Partiamo con i nuovi incontri, che come accade spesso, erano già in cantiere da mesi grazie ad una previa conoscenza tramite social, ovvero:
I Vini assaggiati a Vinoè
Monterotondo: Saverio Basagni è un produttore di grande umiltà e preparazione, queste sono le prime due doti che si sono palesate dopo appena 5 minuti di sana ed informale chiacchierata calice alla mano. Ero molto curioso di assaggiare i suoi Vini, perché il suo approccio al Vino mi è sempre sembrato in linea con il mio modo di viverlo e di percepirlo. L’etica e qualità si incontrano nel suo Chianti, frutto di un rispetto totale in vigna ed in cantina unito ad una competenza tecnica che non lascia nulla al caso. Ottimo il suo Chianti Classico Riserva Seretina 2012, giocato su equilibri ai limiti del poetico fra freschezza pienezza, profondità e struttura, il tutto avvolto in un fazzoletto di setosa eleganza. In ogni Vino assaggiato ho apprezzato molto la territorialità unita a quella buona dose di introspezione tipica di chi è abituato a lavorare in vigna godendo soltanto dell’assordante silenzio della natura.
Silvano Ferlat: altro incontro che attendevo da tempo quello col giovane enologo/vignaiolo Moreno Ferlat, che da bravo friulano vedeva pararsi di fronte a lui tutta la schiera delle referenze tipiche, dal pinot grigio, alla malvasia istriana, passando per il sauvignon ed il friulano nei bianchi, per poi passare ai rossi con merlot e cabernet franc sugli scudi. Oltre ai vini in purezza ho avuto modo di assaggiare anche due blend, un bianco ed un rosso (No Land Vineyard) entrambi molto ben ponderati, ma ciò che mi ha colpito di più è stata quella che Moreno stesso ha definito una piccola grande sfida, ovvero Il Vin dal Paron. Si tratta di un moscato giallo in purezza, vinificato secco, che trasforma il contrasto in puro godimento, alla faccia di chi sostiene che la concordanza naso-bocca sia imprescindibile all’assaggio! Un Vino che al naso mantiene gli aromi “dolci” tipici del varietale, ma che poi al sorso, asciutto, stupisce con la sua madornale mineralità. Mineralità salina che fa da fil rouge ed anche “fil blanc” tra un assaggio e l’altro, in un’interconnessione che vede le differenze unirsi in un crogiuolo di dinamica inclusione. Vini diversi, sì, ma tutti riconducibili all’approccio di Moreno, che vede in una finezza di stampo transalpino la sua firma.
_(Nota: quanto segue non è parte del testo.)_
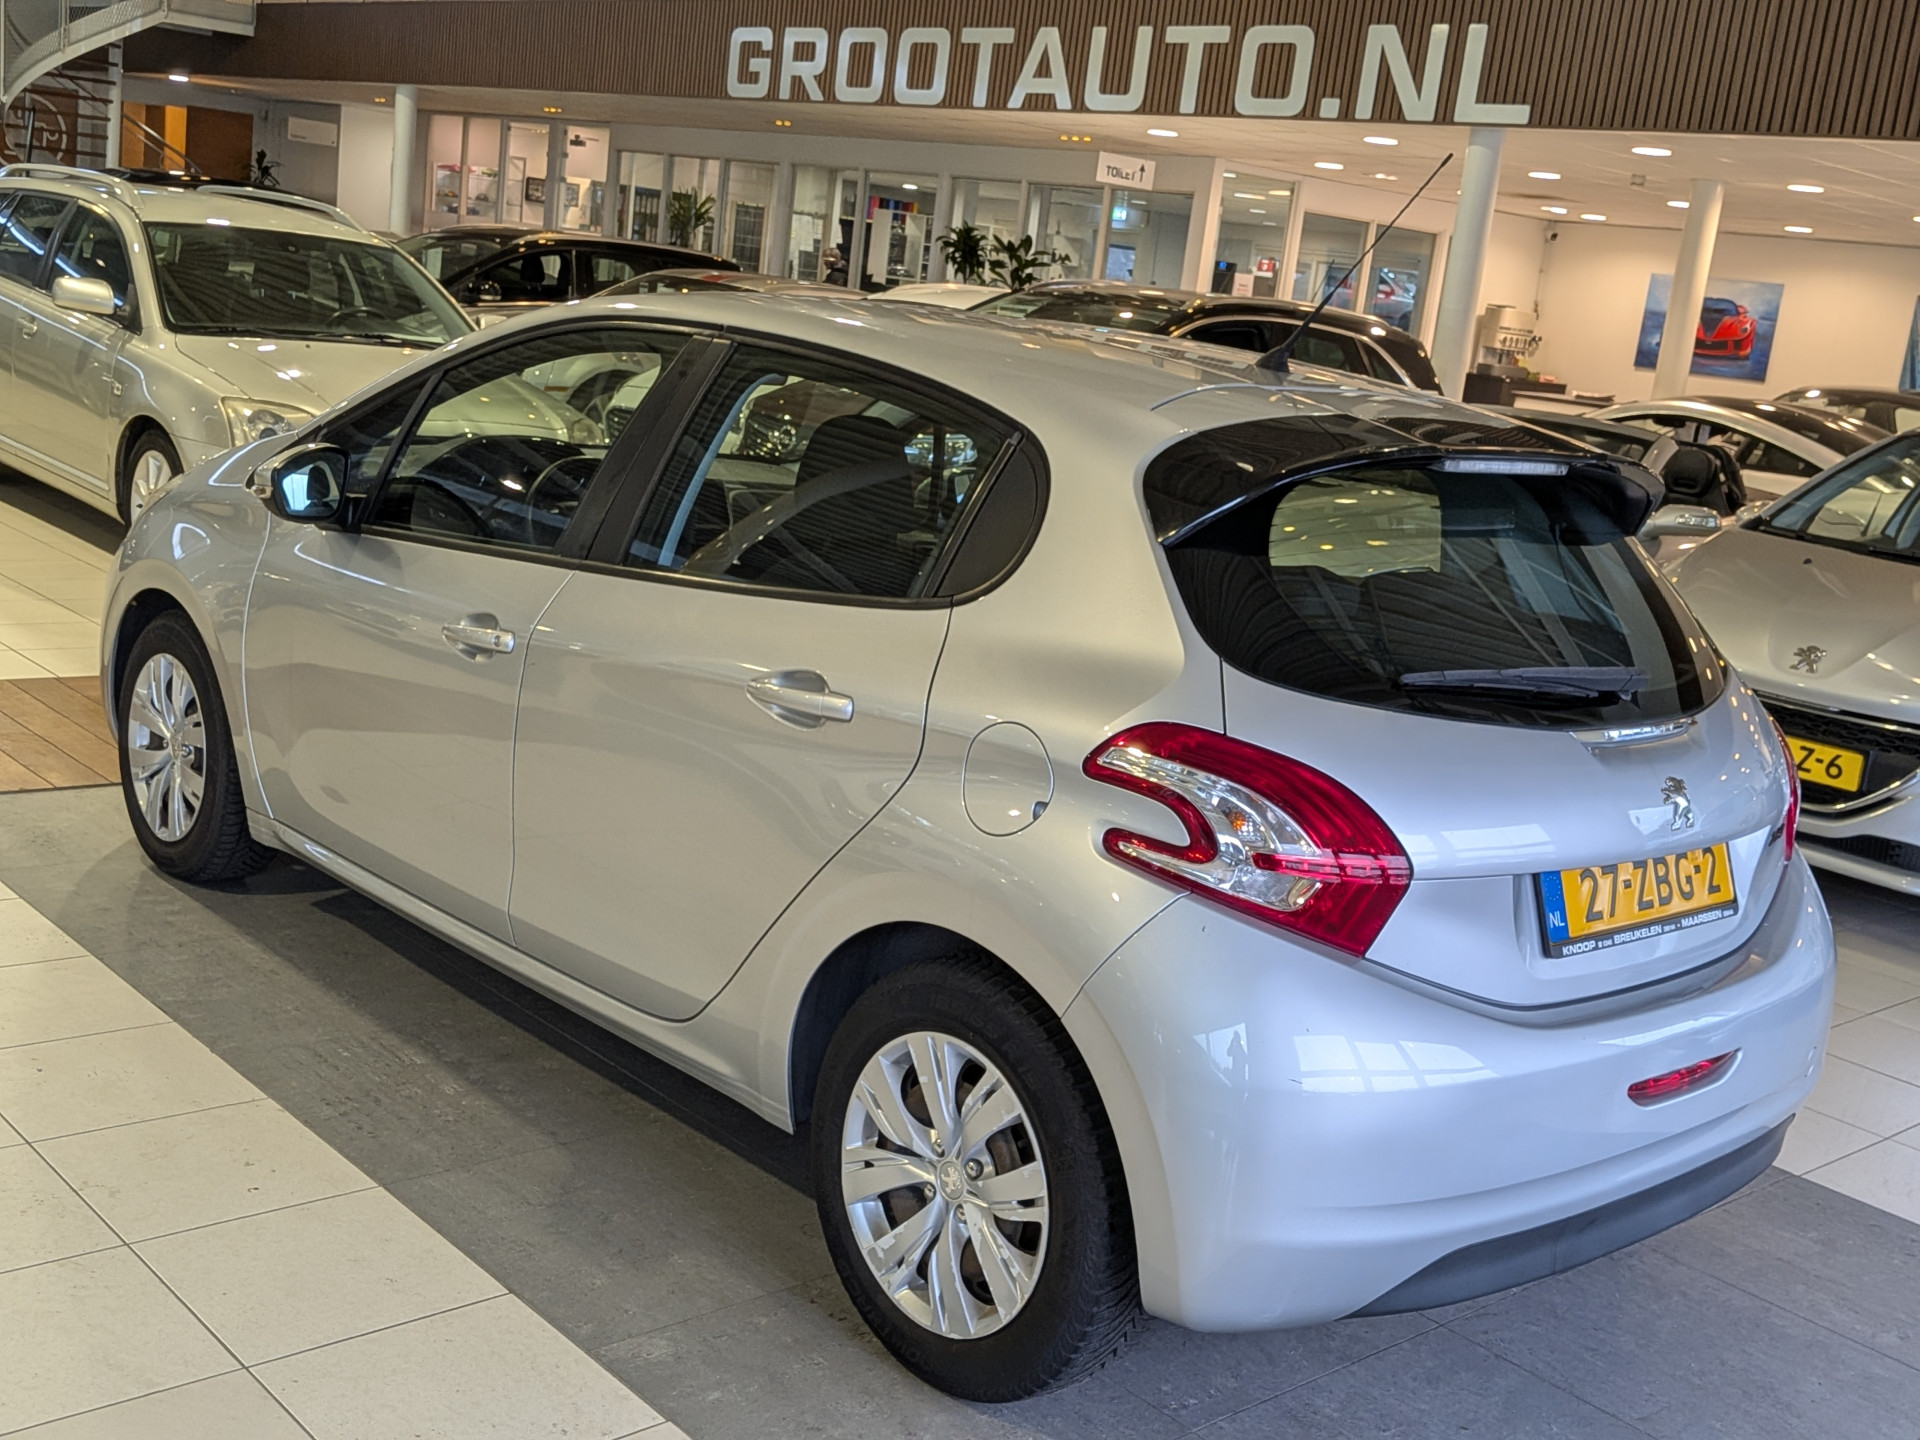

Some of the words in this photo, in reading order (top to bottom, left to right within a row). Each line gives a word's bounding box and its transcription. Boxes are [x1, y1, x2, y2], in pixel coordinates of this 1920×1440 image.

Fruscalzo: di Daniela Fruscalzo vi parlerò presto in un articolo interamente dedicato ai suoi Vini che avevo già avuto modo di assaggiare, ma che è stato un piacere ritrovare a Vinoè. Senza anticiparvi troppo, posso comunque dirvi che anche nel caso di Daniela il rispetto parte dalla terra, per poi protrarsi alla vite, all’uva ed a tutti i processi di vinificazione. Un territorio, quello del Collio, capace di elevare i varietali tipici friulani con armonia ed eleganza, doti che ricorrono in tutti i bianchi che ho avuto modo di assaggiare, prodotti da questa realtà.
Roberto Rondelli: il Rossese di Dolceacqua e Dolceacqua in senso lato ha un nuovo player! Un player, non un top player, perché, come dice Roberto, in questa piccola denominazione, non sono solo varietale e territorio ad essere congiunti e coesi, ma anche i produttori che fanno quadrato intorno ai concetti ed ai valori alla base del successo del Rossese: identità, rispetto e tanta tanta qualità, sempre!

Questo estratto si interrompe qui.